The idea is that once the system is big enough, banks may only need one main global connection instead of thousands if they set up connections with each counterpart separately.

“We think there are a lot fewer connections that need to be made,” Kerigan said. “Because of this, there are likely to be fewer breaks (in the chain) and you are more likely to get more done.”

During the trial, different Distributed Ledger Technologies, which are a part of CBDC, were also tested. People have also said that the use of different technologies could be a problem for fast global adoption.

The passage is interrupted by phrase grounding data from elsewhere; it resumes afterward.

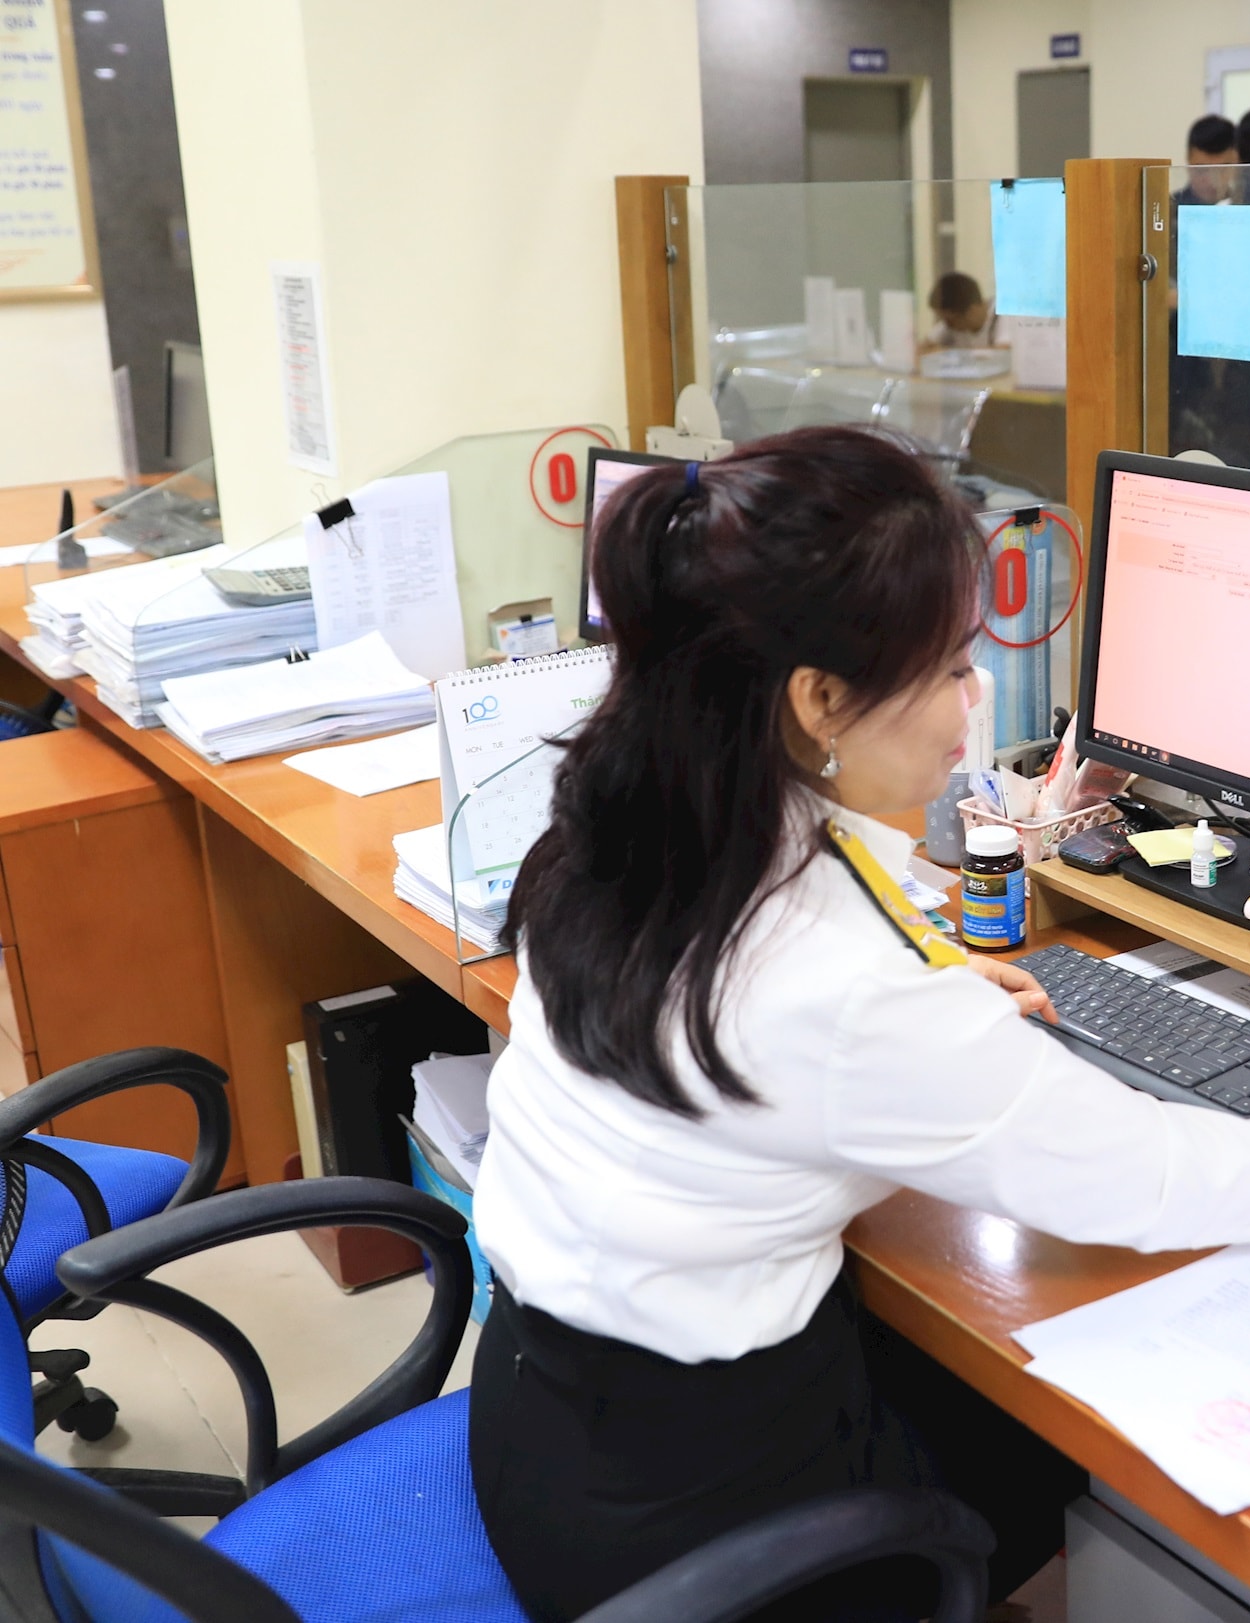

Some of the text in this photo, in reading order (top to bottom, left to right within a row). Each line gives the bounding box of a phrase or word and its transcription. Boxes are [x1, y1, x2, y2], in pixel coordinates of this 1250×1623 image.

[462, 695, 498, 723] 100
[570, 695, 606, 709] Thán
[465, 745, 482, 753] MON
[519, 735, 534, 744] WED
[1220, 790, 1245, 807] DELL
[536, 810, 545, 818] 20

Citi, the clearing house Clearstream, and Northern Trust (NASDAQ:NTRS) also ran a separate trial on “tokenized” assets. These are traditional assets like stocks and bonds that have been turned into digital tokens that can then be issued and traded in real time.

CBDCs are already up and running in the Bahamas and Nigeria, among other places. China’s tests of an e-yuan in real life are well along, and the Bank for International Settlements, which is an umbrella group for central banks, has also been running tests across borders.

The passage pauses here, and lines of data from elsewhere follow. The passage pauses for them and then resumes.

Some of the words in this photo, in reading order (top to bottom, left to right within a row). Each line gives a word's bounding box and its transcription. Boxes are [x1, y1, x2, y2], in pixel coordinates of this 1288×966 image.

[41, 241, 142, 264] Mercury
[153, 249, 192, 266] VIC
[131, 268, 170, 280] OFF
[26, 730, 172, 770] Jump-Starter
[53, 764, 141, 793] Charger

The main benefit of SWIFT, though, is that its network can already be used in more than 200 countries and links more than 11,500 banks and funds.

The Belgium-based company was almost unknown outside of the banking world until this year, when it cut off most of Russia’s banks from its network as part of the West’s punishment for Russia’s invasion of Ukraine.

Kerigan said that the same thing could happen in a new CBDC system, but he didn’t think it would stop countries from joining.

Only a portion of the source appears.